Local residents Benny Christopher and Sara Baines on Great Keppel Island, Qld. Picture: Justine Walpole
Local residents Benny Christopher and Sara Baines on Great Keppel Island, Qld. Picture: Justine Walpole

The latest rich person to roll up on Great Keppel can afford more than a fancy pen. Her name is whispered through the palms as locals ponder whether Gina Rinehart will become their island’s white knight or yet another false dawn for the resort that hosted its last guest in 2008.

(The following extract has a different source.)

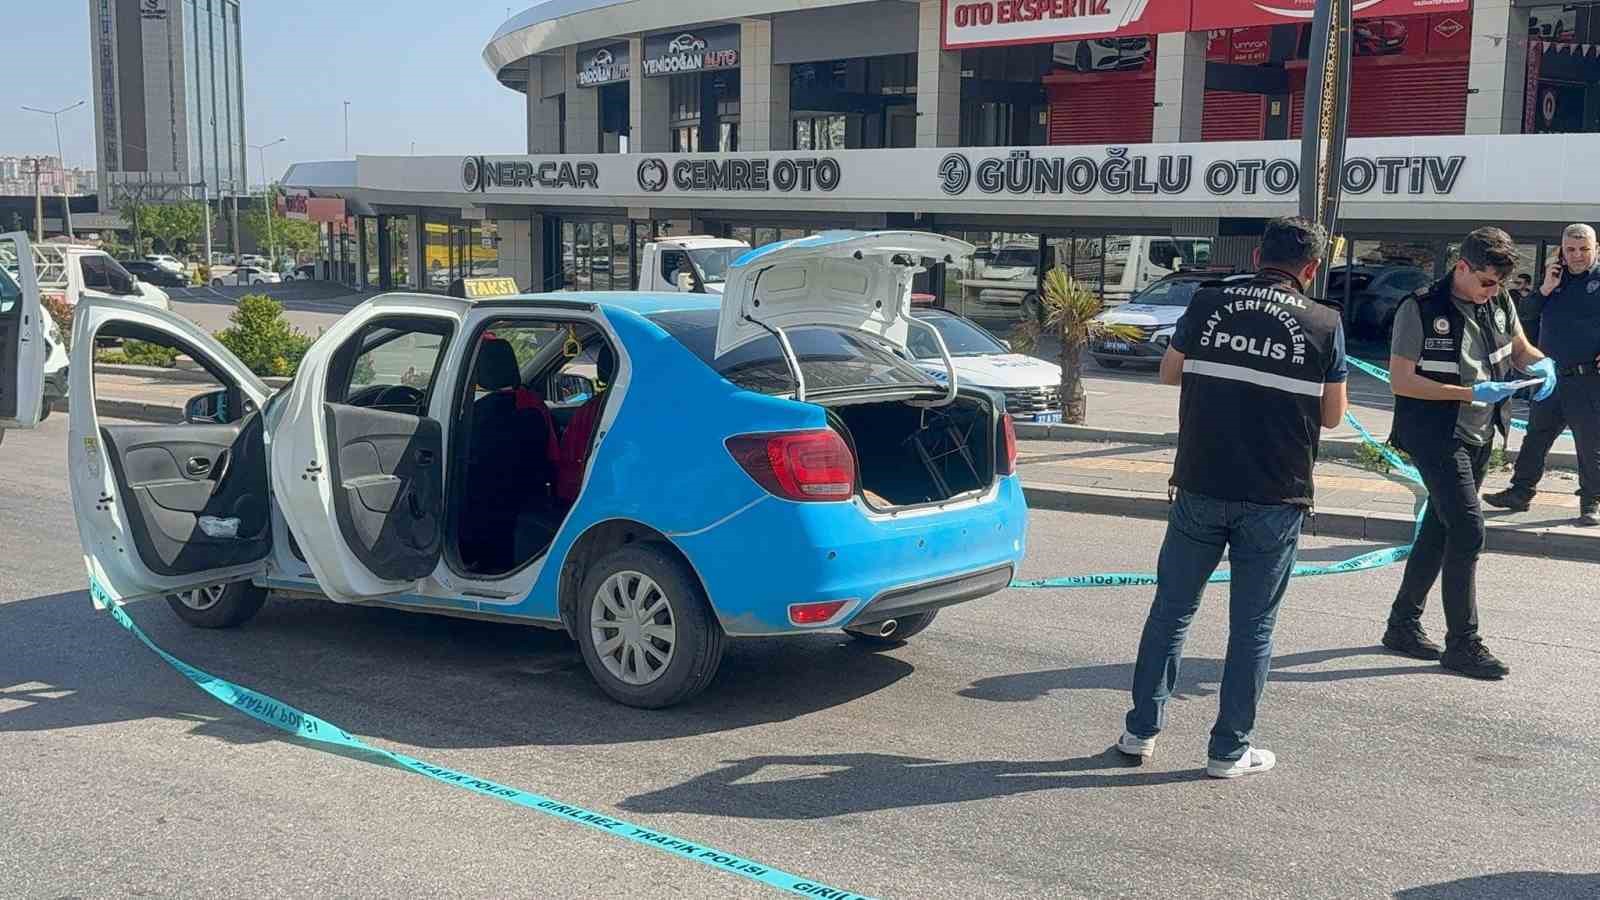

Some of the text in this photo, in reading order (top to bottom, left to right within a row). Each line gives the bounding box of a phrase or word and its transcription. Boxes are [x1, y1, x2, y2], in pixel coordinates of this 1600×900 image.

“For Great Keppel I feel this is the last roll of the dice,” says local pizza shop owner Gerry Christie about the Rinehart bid, which would see the construction of more than 800 luxury apartments and villas, an upmarket retail precinct and a 250‑berth marina. “With everything that has happened to this island I just think how lucky we are to have the richest person in Australia wanting to invest more than $2 billion. If Gina can’t do it, it can’t be done. It would future-proof central Queensland for 20 years but more importantly it would catapult all those other island resort owners to start fixing things.”

When Christie talks about island resort owners “fixing things” he is talking about a string of “shameful secrets” that extend far beyond Great Keppel Island, off the Capricorn Coast at the southern end of the Great ­Barrier Reef. “The terrible truth is that a lot of the Queensland island resorts have been abandoned and are in a disgraceful state of ­dilapidation,” says Geoff Mercer, who has lived on Great Keppel on and off since 1978. He counts them on his fingers: “Great Keppel, Dunk Island, Hinchinbrook, Brampton, South Molle, Lindeman.” He fails to mention abandoned coastal resorts including the Capricorn Resort in Yeppoon or Laguna Quays near Airlie Beach.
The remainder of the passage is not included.